Questa mattina, l’amico Marco Callai di CanottaggioMania mi ha fatto una proposta che non potevo proprio rifiutare. Niente di scandaloso, naturalmente. Anzi, sarebbe stato indecente non accettare.
L’idea è quella di lanciare la candidatura di Rossano Galtarossa per la medaglia Thomas Keller. Si tratta della più alta onorificenza per questo sport, assegnata dalla Federazione Internazionale Canottaggio (FISA) ed è attribuita entro cinque anni dal ritiro dell’atleta.

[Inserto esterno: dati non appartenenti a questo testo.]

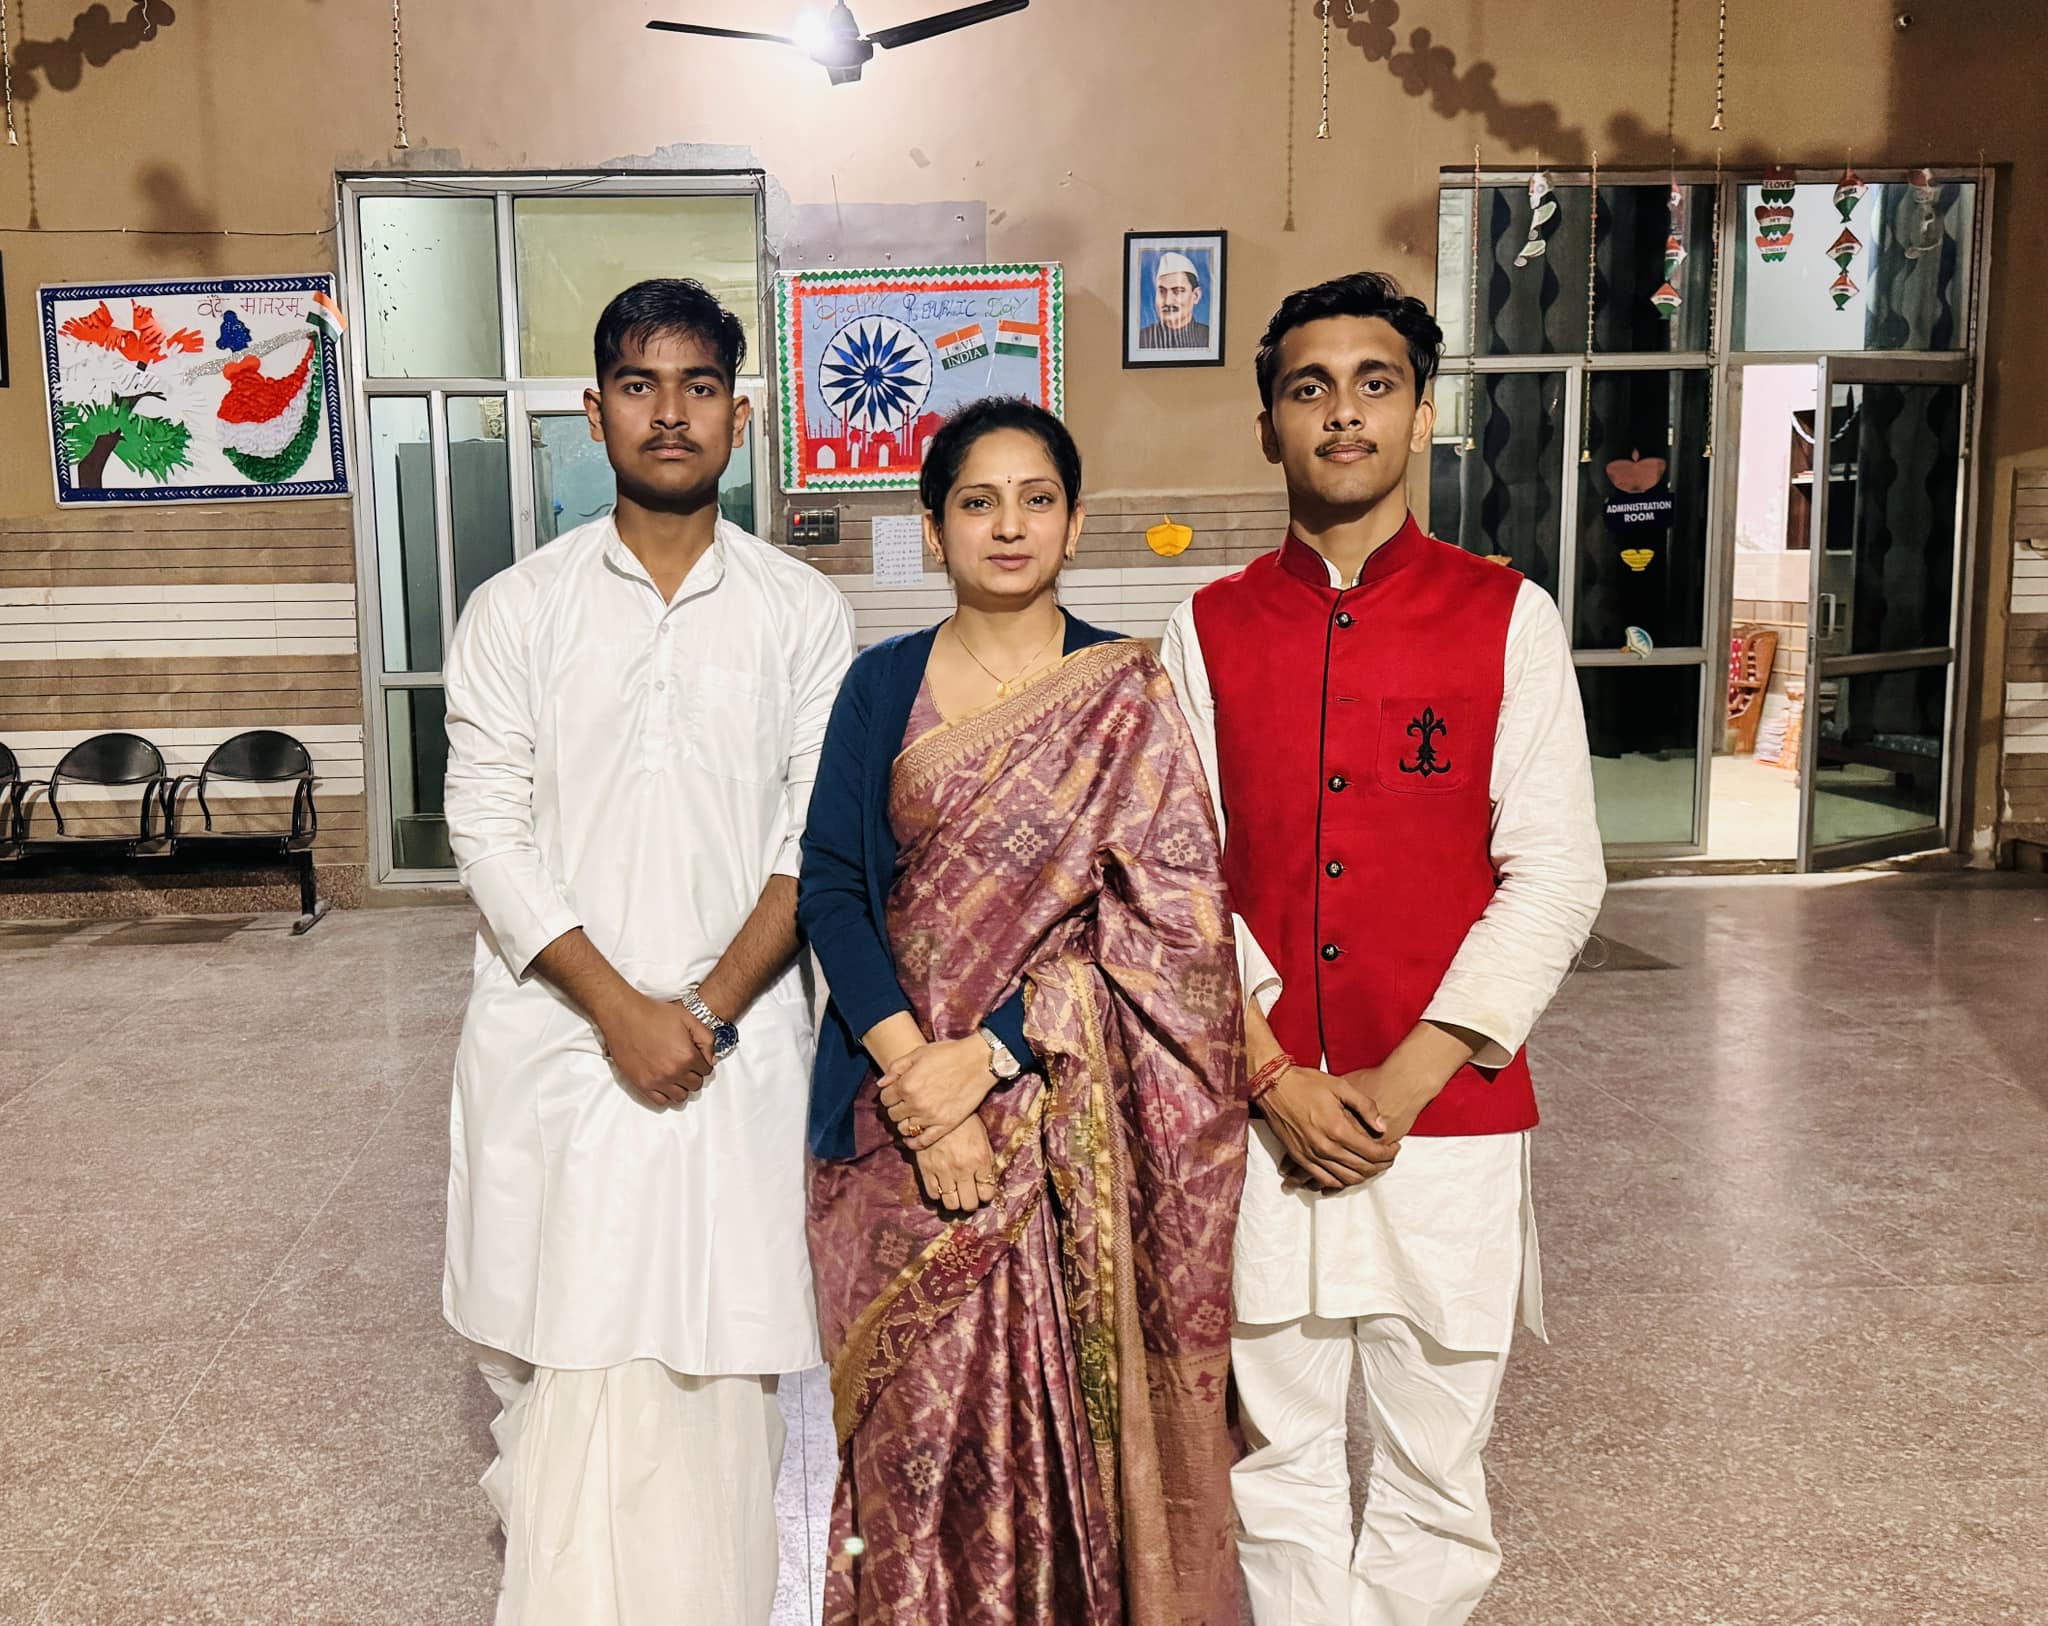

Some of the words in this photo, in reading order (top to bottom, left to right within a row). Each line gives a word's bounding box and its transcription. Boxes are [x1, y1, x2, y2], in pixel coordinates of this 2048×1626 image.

[1769, 181, 1791, 189] LOVE
[946, 348, 982, 368] INDIA
[1606, 501, 1672, 514] ADMINISTRATION
[1624, 512, 1654, 523] ROOM

Rossano Galtarossa merita la medaglia Thomas Keller
Considerando che il premio viene dato chi si è distinto per una carriera eccezionale nel canottaggio e per una sportività esemplare, nell’albo d’oro non potevano mancare i nomi di Francesco Esposito (1996) e i fratelli Abbagnale: Carmine e Giuseppe (1997) e Agostino (2006). E’ facile intuire che anche quello di Rossano Galtarossa non sfigurerebbe.

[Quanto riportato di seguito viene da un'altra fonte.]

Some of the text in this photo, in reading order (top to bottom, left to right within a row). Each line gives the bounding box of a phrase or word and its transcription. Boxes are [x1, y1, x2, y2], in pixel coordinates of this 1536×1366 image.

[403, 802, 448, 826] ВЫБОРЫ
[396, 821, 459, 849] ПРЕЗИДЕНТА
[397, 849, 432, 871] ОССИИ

Il quattro di coppia medaglia d’oro alle Olimpiadi di Sidney nel 2000. Da sinistra: Agostino Abbagnale (47), Alessio Sartori (37), Rossano Galtarossa e Simone Raineri (37). Foto da www.canottaggiomania.com
Mancano poche ore alla chiusura delle nomination. Si può sostenere Rossano Galtarossa compilando sul sito FISA il relativo form (clicca qui). La scheda è in inglese e prende in considerazione cinque elementi per giustificare la candidatura. Eccovi i consigli di Marco Callai:
- Successo a livello internazionale. Bastano quattro medaglie (un oro, un argento e due bronzi) ai Giochi Olimpici? Possiamo aggiungere, se volete, anche altri quattro titoli mondiali ed altre quattro medaglie iridate…

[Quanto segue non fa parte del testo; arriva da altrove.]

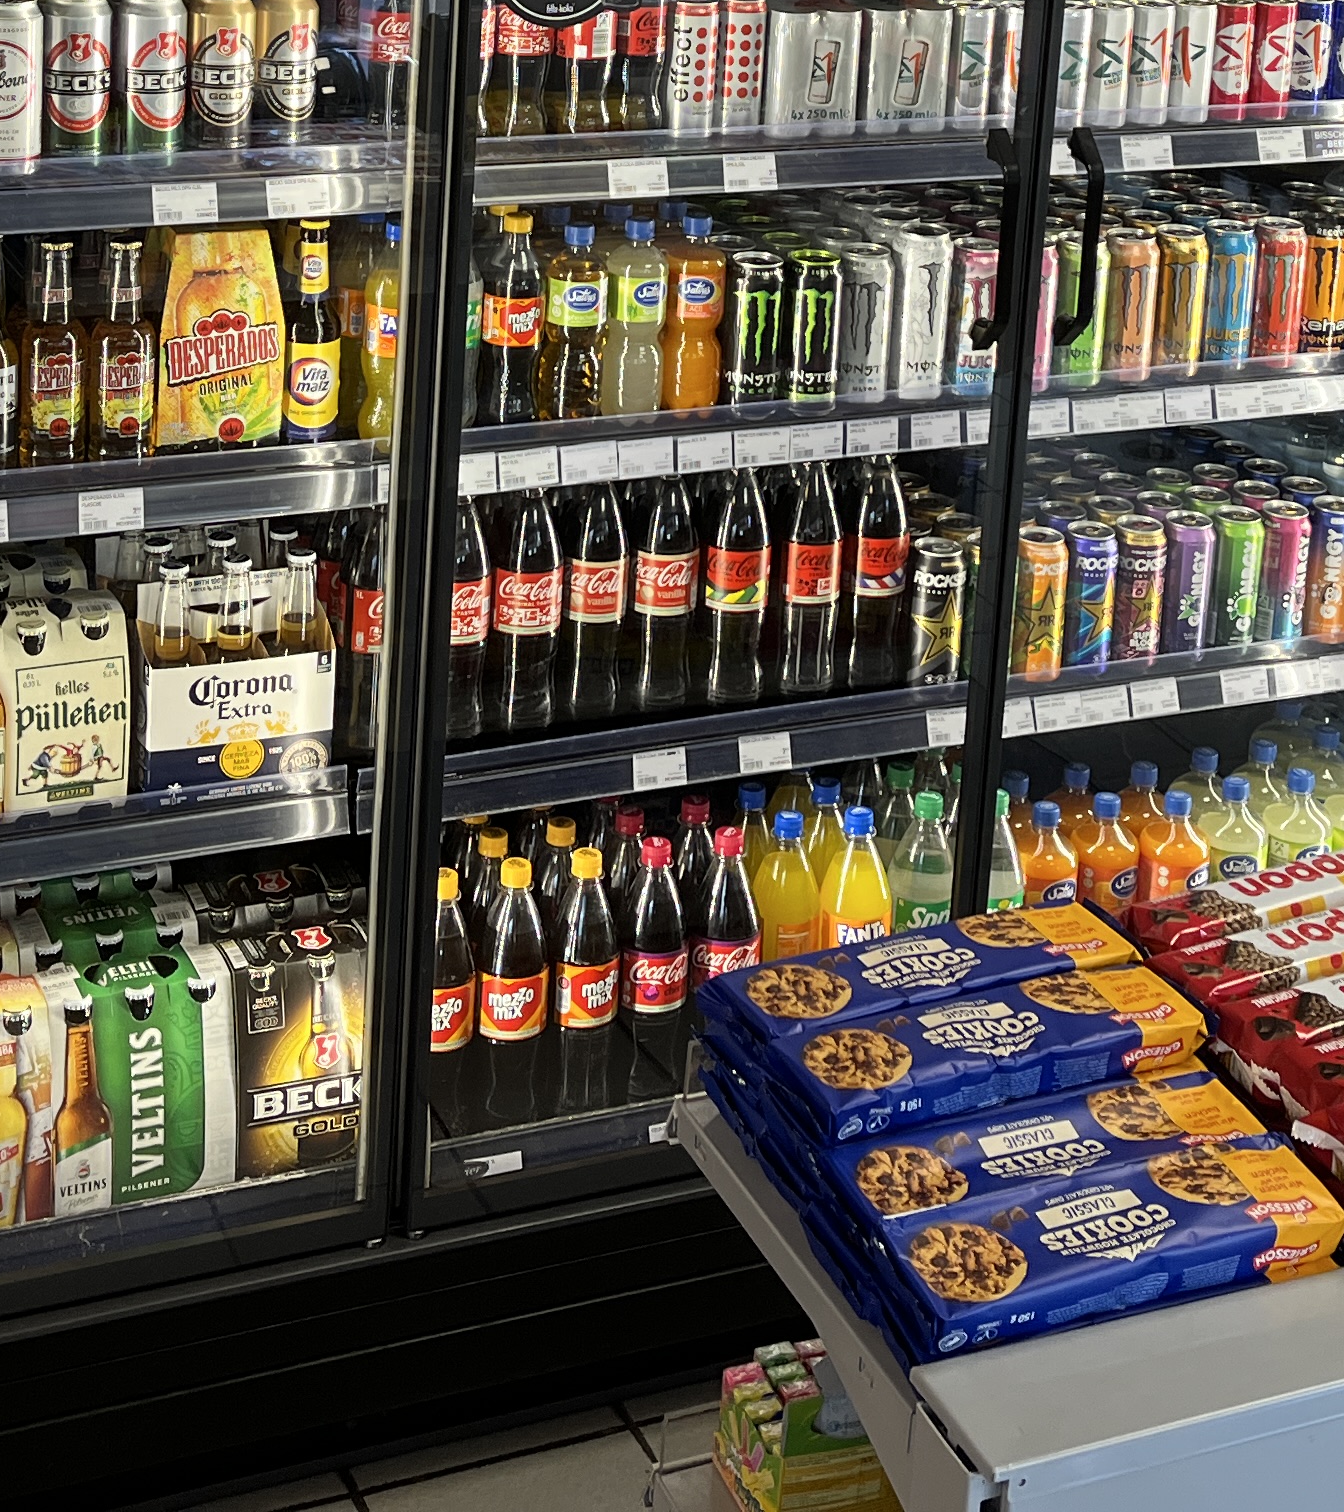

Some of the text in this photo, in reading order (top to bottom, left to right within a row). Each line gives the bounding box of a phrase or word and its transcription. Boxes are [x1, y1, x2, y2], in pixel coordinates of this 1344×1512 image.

- Tipo di carriera. Il primo podio, a 17 anni, nel 1989 a Szeged con l’argento nel singolo Junior. Una lunghissima carriera internazionale (ben 24 anni) vissuta da protagonista, inframmezzata da due pause: nel biennio 2005-2006, con il pronto ritorno ed il grande contributo offerto alla causa dell’argento del 4 di coppia a Pechino 2008, e nel 2009-2010, in occasione della qualificazione della stessa imbarcazione alle Olimpiadi di Londra 2012.
- Sportività. Accetta il ruolo di Riserva a Londra 2012, a 40 anni, con grande senso di professionalità ed attaccamento alla maglia azzurra. Un esempio, riconosciuto successivamente dall’Assemblea di Pisa dove, con 133 voti, risulta essere il più votato dirigente del nuovo Consiglio Federale.
- Aspetto da “leggenda”. Grande maturità evidenziata in occasione di tutte le grandi sfide della sua carriera. Rispetto per l’avversario, SEMPRE, ma paura, MAI. Un leader, dentro e fuori la barca. Un numero uno senza piedistallo. Ricordatevi il novembre 2010, con la sua Canottieri Padova uccisa dall’alluvione e dalla conseguente piena dell’alluvione. Invece che pensare a sé stesso ed alla ripresa dell’attività, ricordatevi Rossano al lavoro nel fango e tra i detriti per salvare il (poco) salvabile e a resuscitare, insieme a un gruppo di appassionati sostenitori, la sua Società.